Hoy no veo a nadie que plante árboles fuera de los caminos trillados, a lo largo de las carreteras y de los caminos aislados o en lo más profundo de los bosques. Ahora que han injertado sus árboles pagando el máximo precio, los juntan en un terreno próximo a su casa y los encierran dentro de un cercado. Al final de esta evolución nos veremos todos obligados a buscar nuestras manzanas en el fondo de un barril.

¿Qué tendría que decir hoy, frente a la modificación genética de los organismos vivos para su comercialización y tras más de cincuenta años de «Revolución Verde» y agroquímicos?

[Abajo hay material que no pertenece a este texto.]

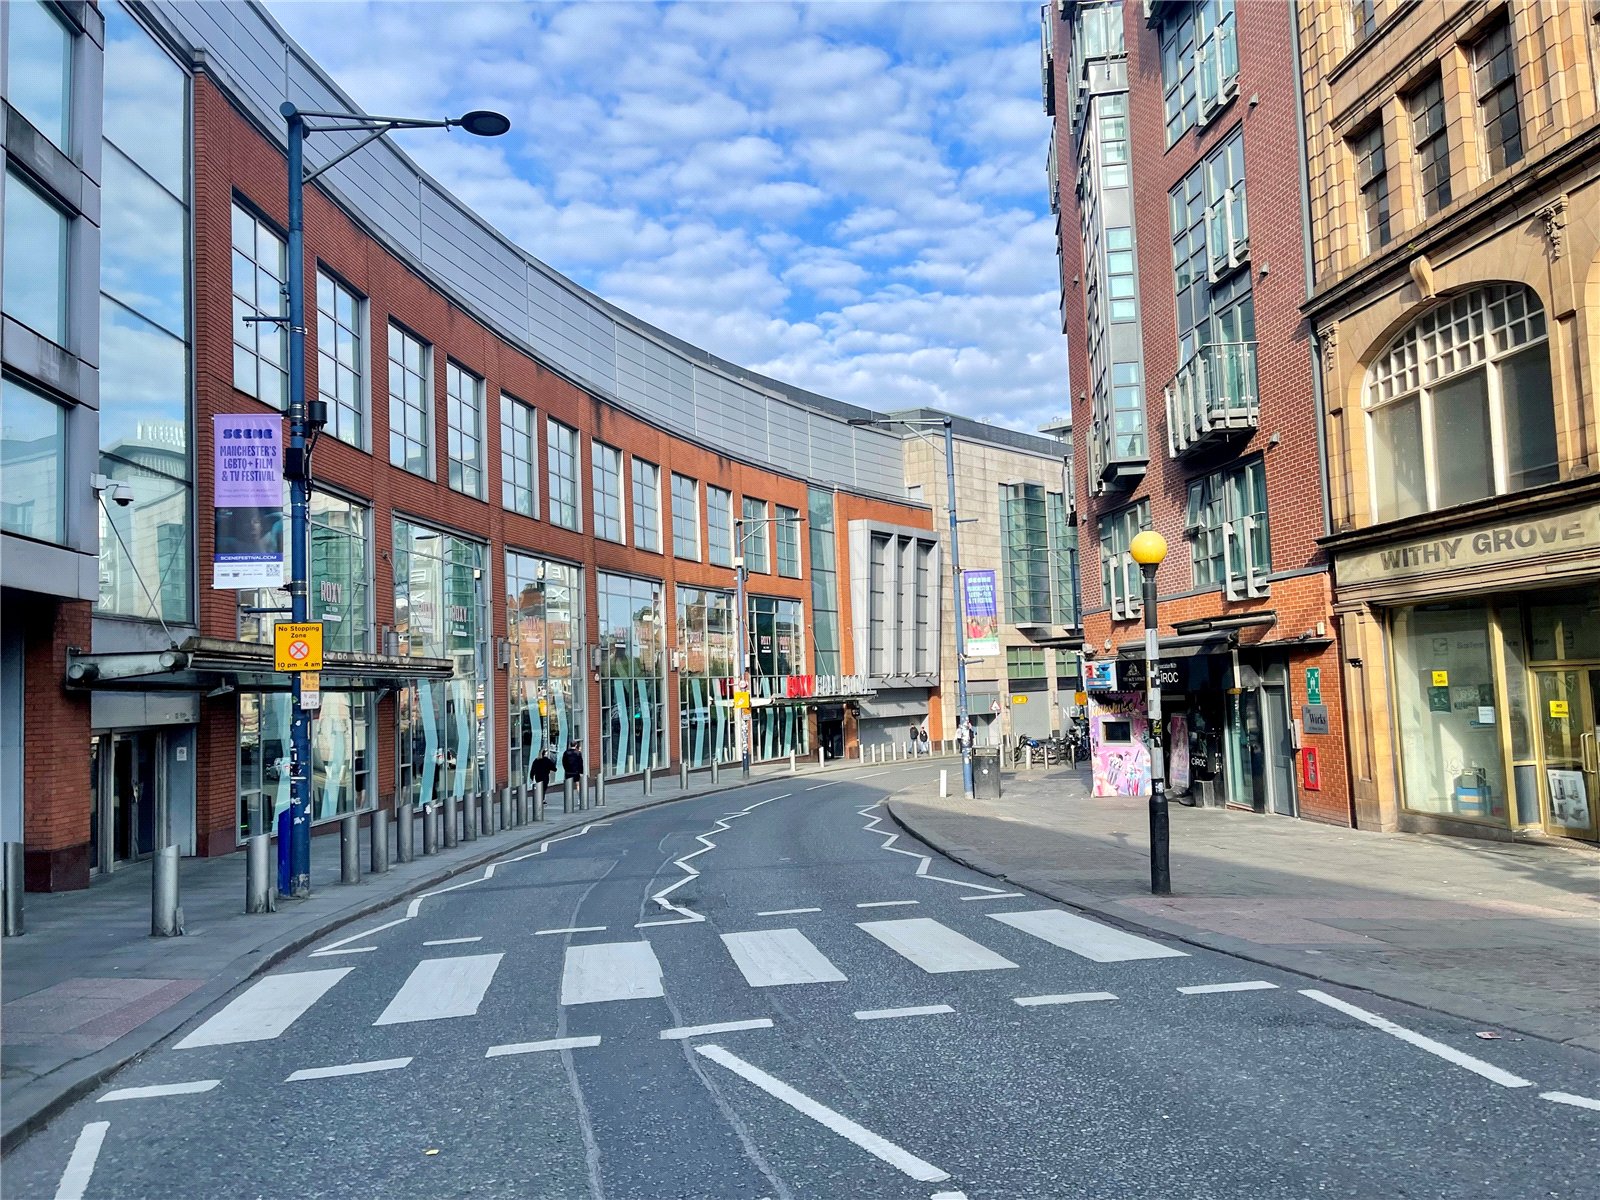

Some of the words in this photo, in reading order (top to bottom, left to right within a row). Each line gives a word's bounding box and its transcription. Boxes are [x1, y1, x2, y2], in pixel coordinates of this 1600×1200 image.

[223, 428, 272, 439] SCENE
[220, 446, 276, 456] MANCHESTER'S
[224, 458, 253, 470] LGBTQ+
[255, 458, 272, 469] FILM
[222, 471, 228, 481] &
[230, 471, 239, 481] TV
[242, 471, 275, 481] FESTIVAL
[1380, 537, 1462, 570] WITHY
[1472, 514, 1585, 556] GROVE
[321, 580, 341, 604] ROXY
[450, 604, 468, 623] ROXY
[290, 625, 320, 633] Stopping
[1309, 713, 1326, 724] Works
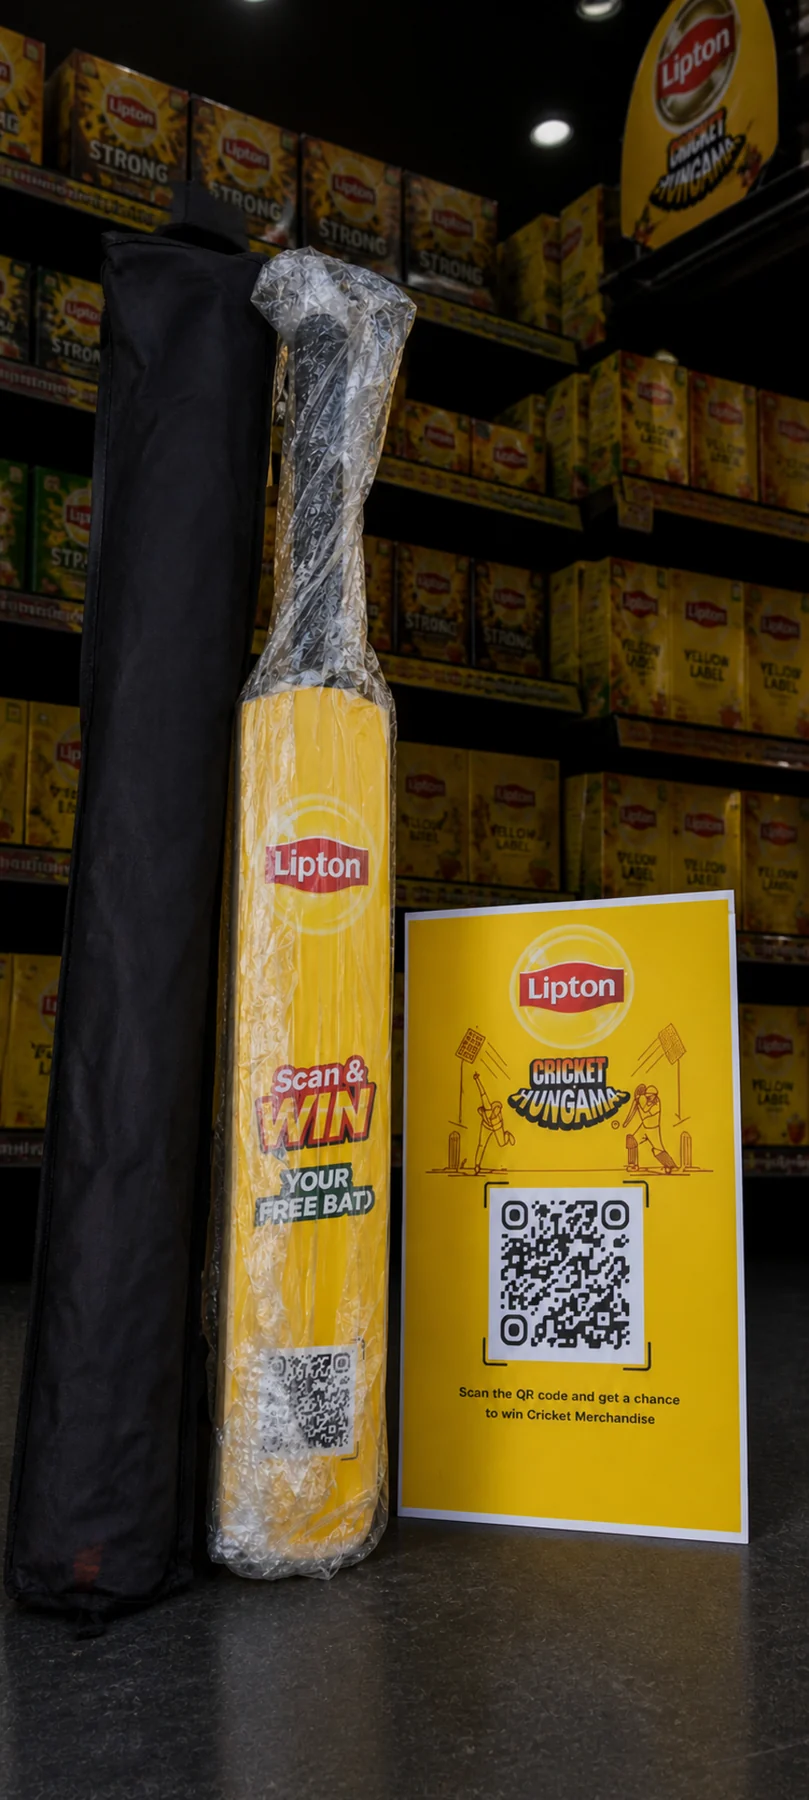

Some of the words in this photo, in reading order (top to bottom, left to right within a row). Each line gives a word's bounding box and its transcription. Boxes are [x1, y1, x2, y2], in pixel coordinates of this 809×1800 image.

[661, 27, 730, 89] Lipton
[108, 98, 154, 126] Lipton
[89, 139, 168, 183] STRONG
[225, 141, 267, 165] Lipton
[335, 177, 374, 203] Lipton
[319, 218, 387, 255] STRONG
[434, 211, 473, 235] Lipton
[420, 252, 484, 286] STRONG
[67, 303, 100, 321] Lipto
[52, 338, 100, 364] STRON
[275, 849, 360, 882] Lipton
[528, 976, 615, 1004] Lipton
[274, 1066, 339, 1093] Scan
[346, 1059, 364, 1083] &
[532, 1057, 606, 1085] CRICKET
[260, 1086, 372, 1149] WIN
[511, 1088, 628, 1125] HUNGAMA
[286, 1168, 350, 1194] YOUR
[259, 1196, 318, 1222] FREE
[323, 1189, 373, 1215] BAT)
[458, 1386, 489, 1399] Scan
[492, 1388, 512, 1400] the
[516, 1388, 534, 1401] QR
[537, 1390, 568, 1402] code
[571, 1391, 595, 1402] and
[598, 1392, 619, 1405] get
[623, 1394, 631, 1404] a
[633, 1393, 680, 1406] chance
[485, 1407, 498, 1419] to
[501, 1408, 523, 1420] win
[526, 1409, 571, 1422] Cricket
[575, 1411, 655, 1425] Merchandise
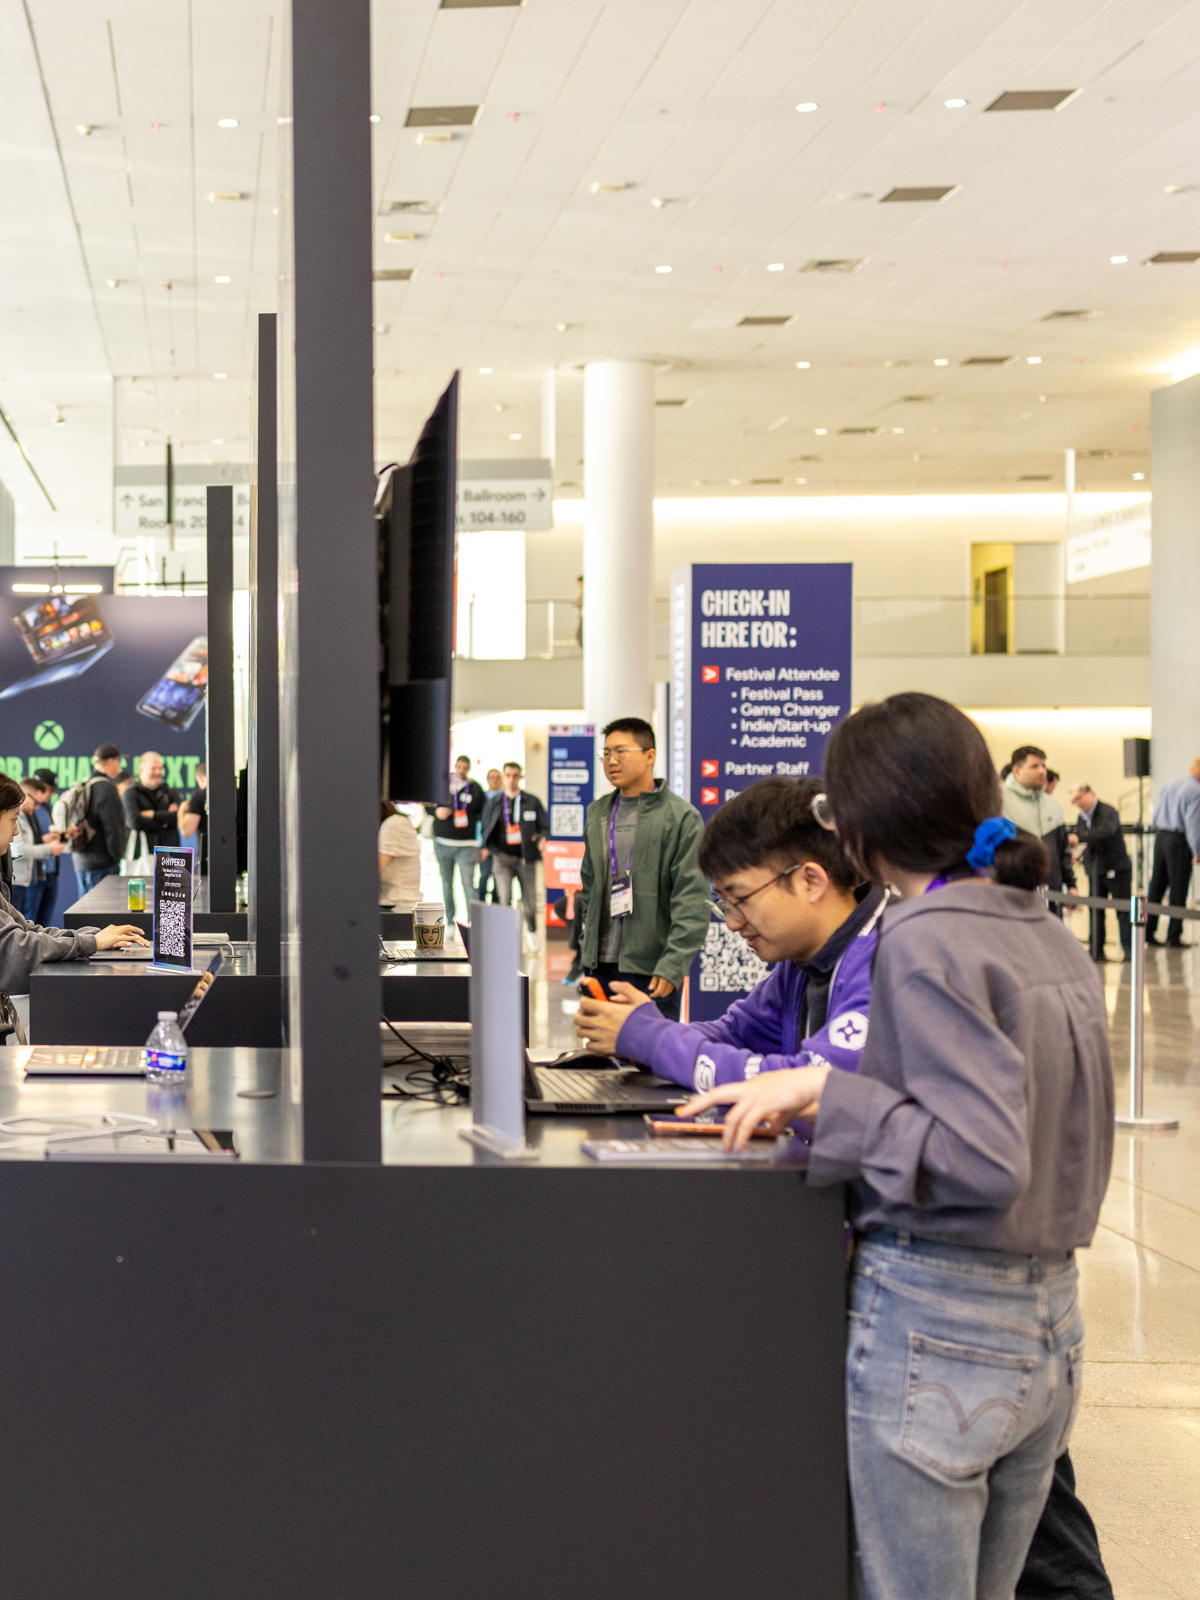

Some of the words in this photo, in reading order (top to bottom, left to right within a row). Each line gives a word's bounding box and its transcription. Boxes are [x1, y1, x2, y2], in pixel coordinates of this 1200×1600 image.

[138, 494, 164, 508] San
[463, 488, 527, 503] Ballroom
[470, 510, 527, 524] 104-160
[701, 589, 790, 617] CHECK-IN
[701, 621, 749, 648] HERE
[750, 621, 798, 648] FOR:
[726, 667, 775, 681] Festival
[777, 667, 840, 681] Attendee
[740, 687, 791, 701] Festival
[793, 687, 824, 701] Pass
[740, 703, 781, 716] Game
[783, 703, 840, 719] Changer
[740, 719, 832, 735] Indie/Start-up
[740, 734, 807, 748] Academic
[674, 717, 686, 799] CHEC
[725, 762, 774, 775] Partner
[775, 761, 810, 775] Staff
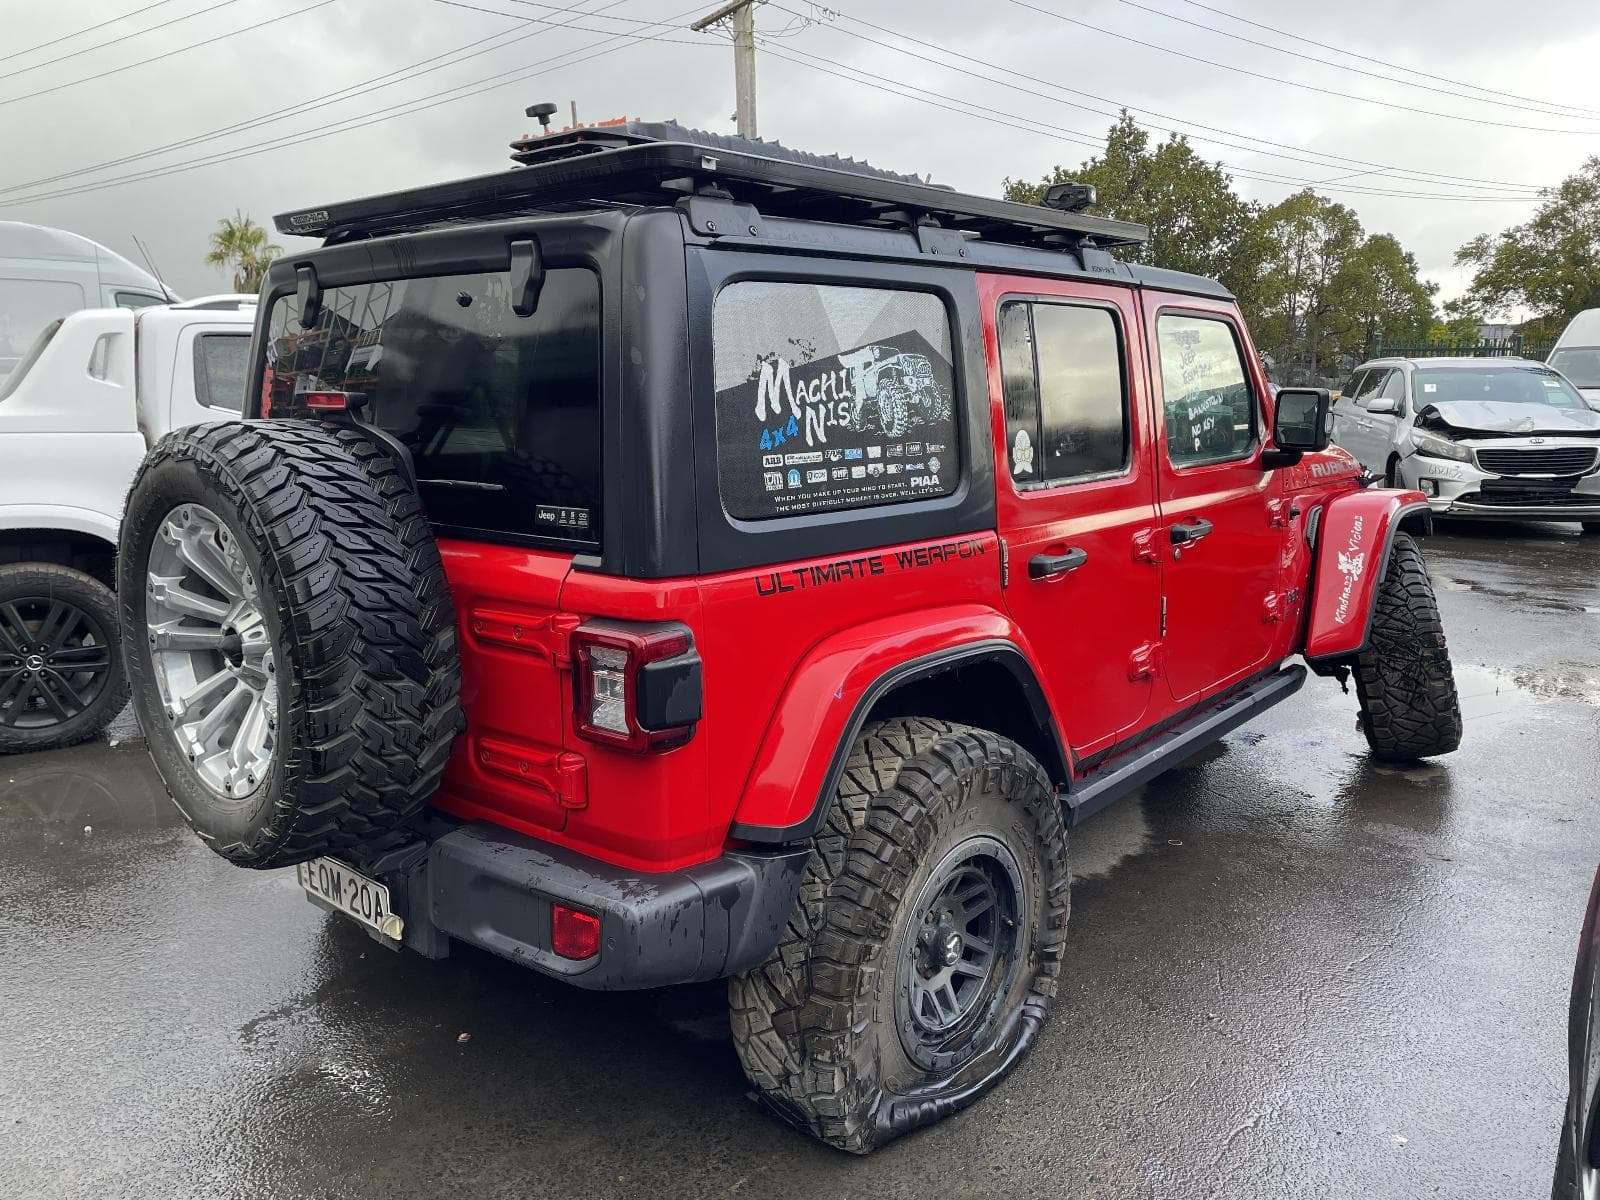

Leemos el mundo, como los libros, para encontrar lo que de algún modo ya sabemos. Uno ve en las manzanas silvestres una metáfora de la vida, la expresión de una naturaleza que debemos preservar para seguir siendo humanos y que está en peligro. Otro mira los expedientes policiales, las declaraciones de los mafiosos arrepentidos, las grabaciones en vídeo de decapitaciones y ejecuciones sumarias, y concluye que el mundo es exactamente eso. Uno respira libetad, confianza y hasta una cierta ingenuidad. El otro proclama la debilidad de todas las relaciones humanas, lo corruptible de cualquier persona, y la imposibilidad de la vida sin alguna forma de violencia. Para uno las manzanas silvestres, para otro la cocaína. ¿Qué hace girar el mundo? La verdad no es algo externo a nosotros que tengamos que conquistar con algún sacrificio supremo o un papel ignorado en el fondo de un archivo de una agencia antimafia, es una actitud ante la vida, que elige dónde mirar, a qué dar valor y a qué dar la espalda. Para mí, la elección está clara: me quedo, sin duda, con las manzanas.